Maybe. The downside to this is that it requires training multiple models instead of just one. When data sets are large enough, training and reference time can quickly become a bottleneck for some applications. The counter to this is that the process is highly scalable, and functional algorithms can be used instead of deep learning if needed. LightGBM is an order of magnitude faster than deep learning, and is often still competitive.
This philosophy of combining ensembles in machine learning has been popularized and fully adopted by AutoGluon. In fact, it's the real standard for their AutoML offering, and their team has contributed a lot to the open community and to the bleeding edge research in this field.

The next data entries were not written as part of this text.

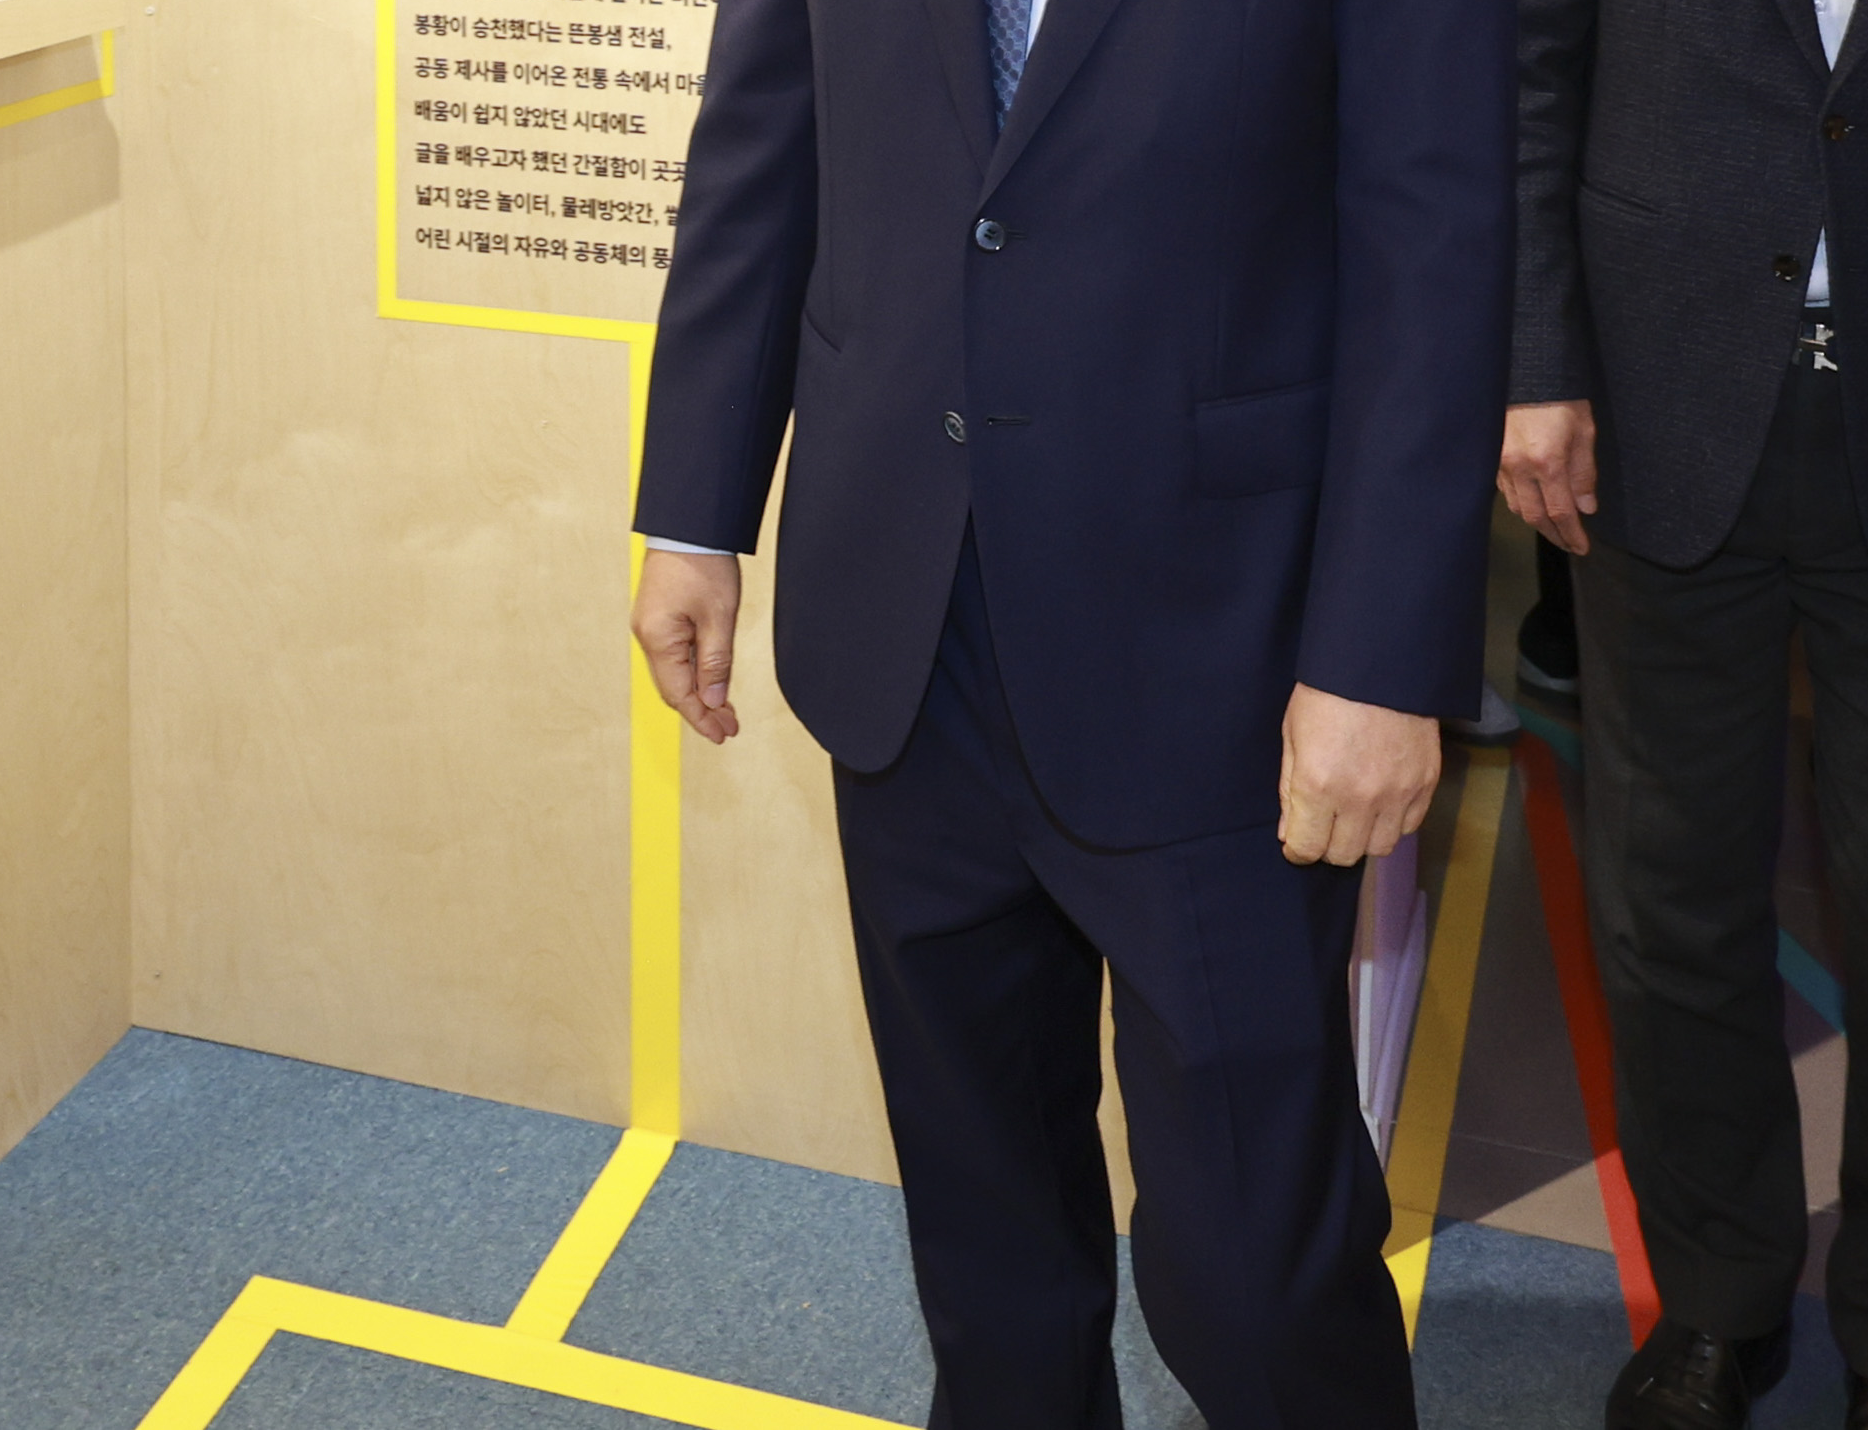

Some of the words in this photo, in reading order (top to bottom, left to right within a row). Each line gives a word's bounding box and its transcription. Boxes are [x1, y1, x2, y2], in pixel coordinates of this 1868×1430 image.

[414, 14, 466, 37] 봉황이
[473, 18, 562, 42] 승천했다는
[568, 22, 622, 47] 뜬봉샘
[628, 27, 672, 51] 전설,
[414, 57, 448, 79] 공동
[454, 59, 507, 83] 제사를
[514, 63, 567, 87] 이어온
[573, 68, 608, 89] 전통
[615, 70, 669, 93] 속에서
[415, 100, 467, 123] 배움이
[473, 103, 508, 126] 쉽지
[513, 106, 567, 130] 않았던
[573, 110, 647, 135] 시대에도
[415, 142, 449, 165] 글을
[455, 145, 526, 171] 배우고자
[532, 151, 567, 173] 했던
[573, 154, 646, 180] 간절함이
[416, 184, 449, 207] 넓지
[455, 188, 491, 210] 않은
[496, 191, 556, 217] 놀이터,
[561, 196, 659, 226] 물레방앗간,
[416, 228, 450, 249] 어린
[456, 231, 509, 254] 시절의
[514, 236, 567, 260] 자유와
[573, 240, 646, 267] 공동체의
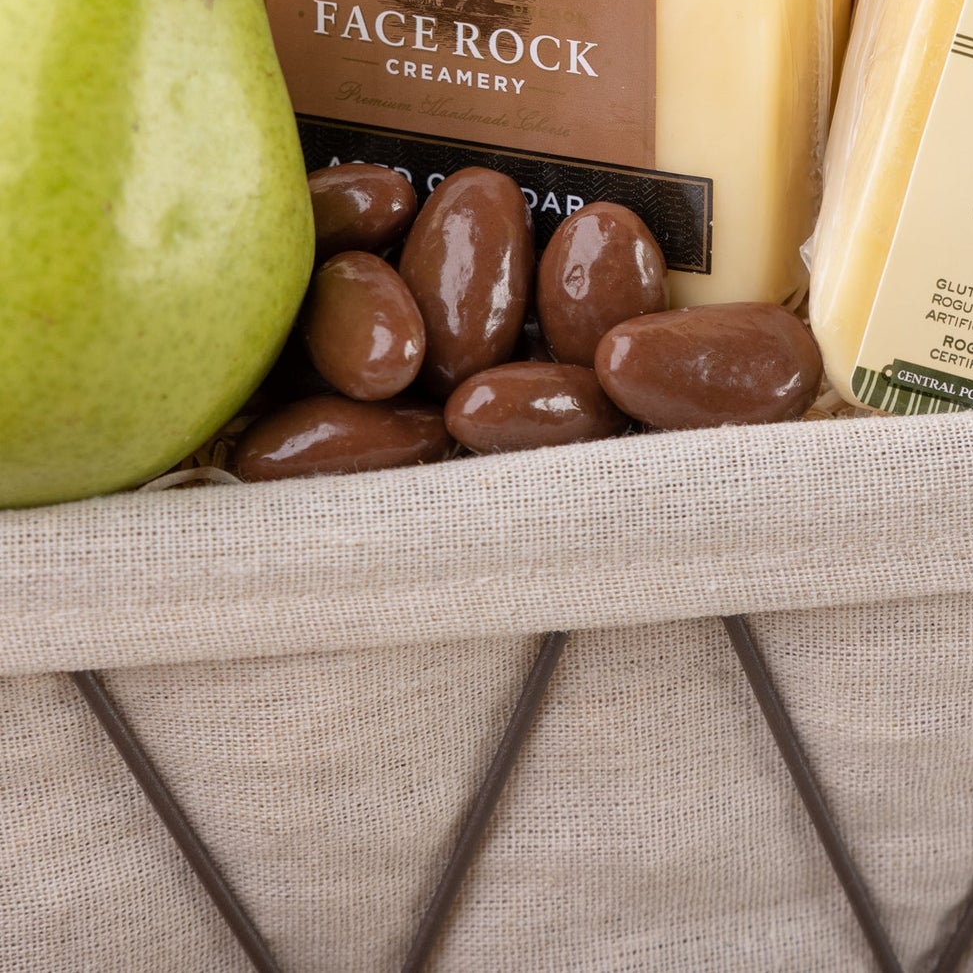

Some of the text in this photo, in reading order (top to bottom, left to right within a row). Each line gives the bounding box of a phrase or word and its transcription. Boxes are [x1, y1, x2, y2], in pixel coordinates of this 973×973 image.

[313, 0, 599, 77] FACE ROCK
[385, 59, 526, 95] CREAMERY
[335, 81, 413, 113] Premium
[418, 94, 510, 128] Handmade
[426, 173, 585, 215] CDAR
[897, 369, 956, 397] CENTRAL
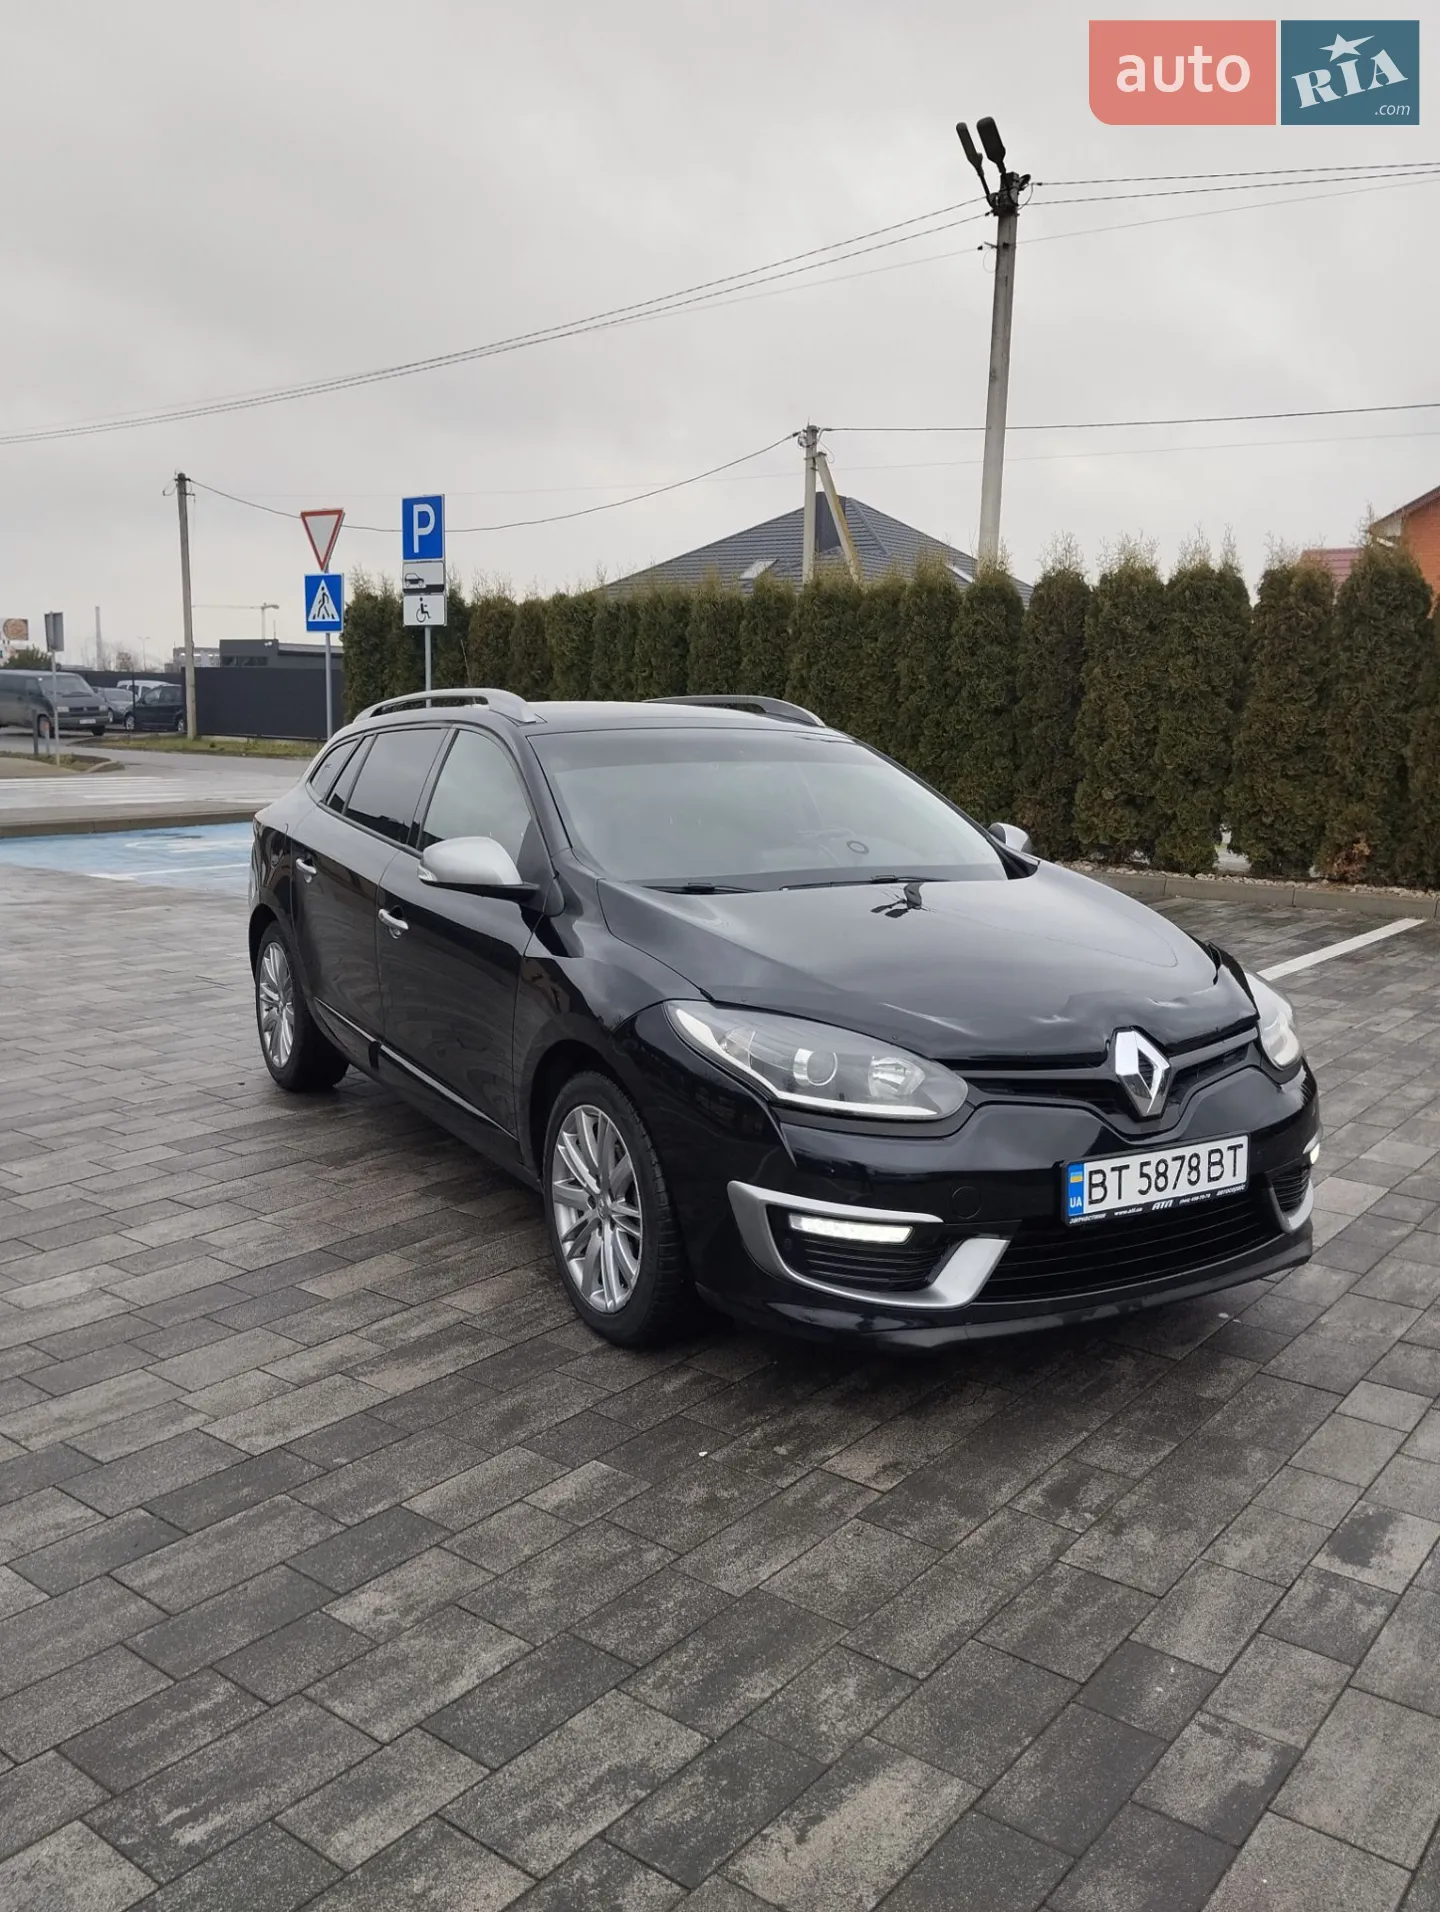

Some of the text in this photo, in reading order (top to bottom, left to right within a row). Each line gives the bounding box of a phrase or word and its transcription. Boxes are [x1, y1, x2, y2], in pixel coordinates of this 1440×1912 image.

[413, 503, 435, 553] P
[1088, 1143, 1244, 1206] BT 5878 BT
[1070, 1196, 1082, 1208] UA

As the pre-training frontier of tabular/time series transformers has yet to be fully explored, expect additional model variations in the future to improve this technique.
There is good reason to believe that this philosophy will continue to win, as it has in many other domains:
- A democracy is a collection of elected officials, and elected officials represent their constituents (in theory at least). Although not perfect, it is still the best system for now.
- Medical diagnosis improves from many perspectives. Combining examinations from multiple radiologists, pathologists, or specialists further reduces diagnostic rates. Each doctor may catch different patterns or edge cases, and their collective judgment is more reliable than any individual assessment.
- Even stock markets are a combination of beliefs about the future. Although historically the information contained in the movements of these markets has not been directly relevant to the masses, prediction markets and prediction platforms are changing this.
- In the latest release of Claude Code (February 2026), Anthropic introduced collaborative “agent teams” where multiple instances of Claude work together on tasks, communicating through shared task lists and peer-to-peer communication. xAI uses a similar multi-agent approach with Grok 4 Heavy/Grok 4.20, where independent agents work in parallel and “verify” each other's solutions before converging on a final answer.
It turns out that collaboration is the way to go. Ensembles of ensembles appear repeatedly in the best human-created systems, and the machine learning domain is the same. In the age of wisdom, weighing this idea will not be an option.